◆ Required action ◆
Each record that follows is to be reproduced character for character, pictures excepted.

--------------------------------

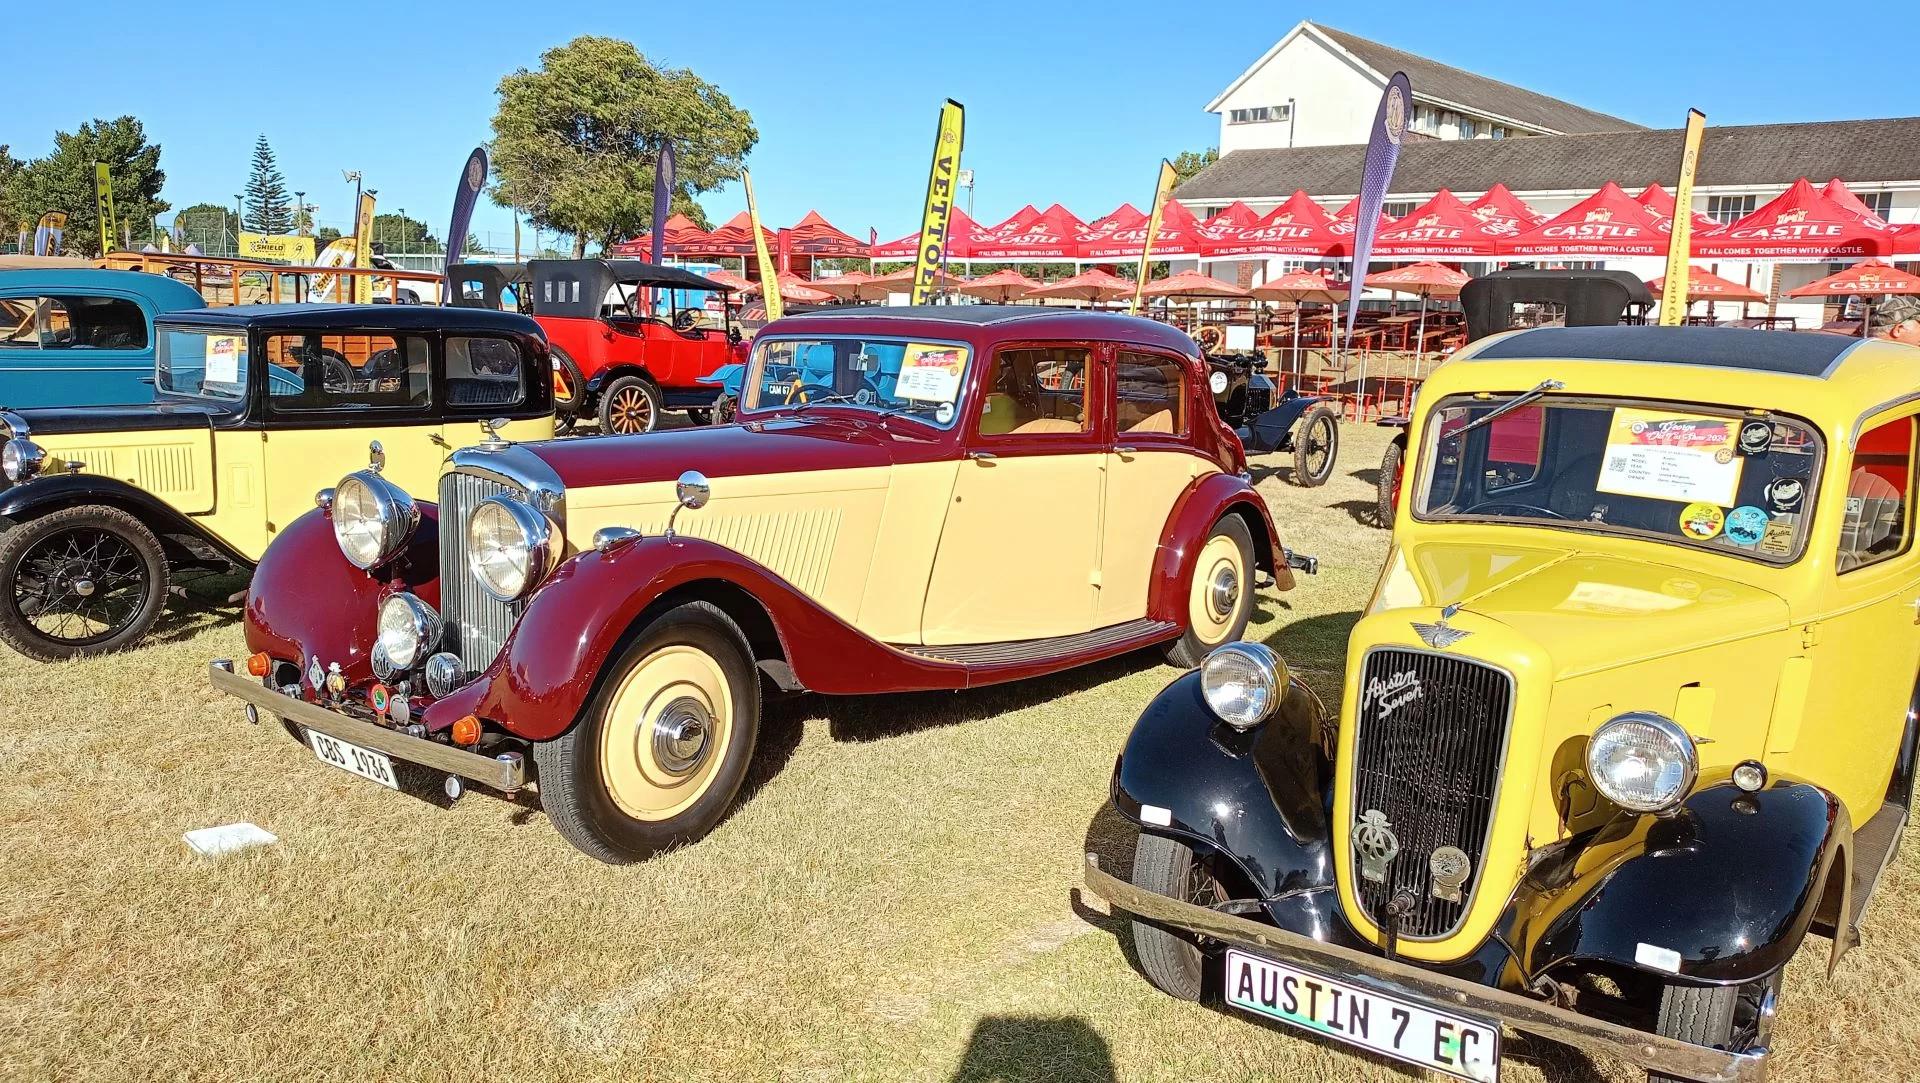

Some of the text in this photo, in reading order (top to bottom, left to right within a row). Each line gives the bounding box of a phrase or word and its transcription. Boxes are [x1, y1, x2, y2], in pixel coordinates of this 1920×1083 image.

[1113, 230, 1181, 241] CASLE
[1238, 226, 1314, 239] CASTLE
[1379, 228, 1463, 240] CASTLE
[1543, 224, 1640, 237] CASTLE
[1731, 225, 1843, 238] CASTLE
[999, 234, 1061, 244] CASTLE
[1754, 247, 1798, 255] TOGETHER
[1830, 246, 1864, 254] CASTLE.
[1829, 281, 1908, 289] CASTLE
[769, 385, 782, 395] CAM
[1659, 421, 1696, 433] George
[1364, 670, 1420, 711] Austin
[1379, 683, 1424, 720] Seven
[316, 735, 389, 782] CBS 1936
[1237, 962, 1480, 1076] AUSTIN 7 EC

--------------------------------

◆ Solution to this exercise ◆
Some of the text in this photo, in reading order (top to bottom, left to right within a row). Each line gives the bounding box of a phrase or word and its transcription. Boxes are [x1, y1, x2, y2], in pixel coordinates of this 1920×1083 image.

[1113, 230, 1181, 241] CASLE
[1238, 226, 1314, 239] CASTLE
[1379, 228, 1463, 240] CASTLE
[1543, 224, 1640, 237] CASTLE
[1731, 225, 1843, 238] CASTLE
[999, 234, 1061, 244] CASTLE
[1754, 247, 1798, 255] TOGETHER
[1830, 246, 1864, 254] CASTLE.
[1829, 281, 1908, 289] CASTLE
[769, 385, 782, 395] CAM
[1659, 421, 1696, 433] George
[1364, 670, 1420, 711] Austin
[1379, 683, 1424, 720] Seven
[316, 735, 389, 782] CBS 1936
[1237, 962, 1480, 1076] AUSTIN 7 EC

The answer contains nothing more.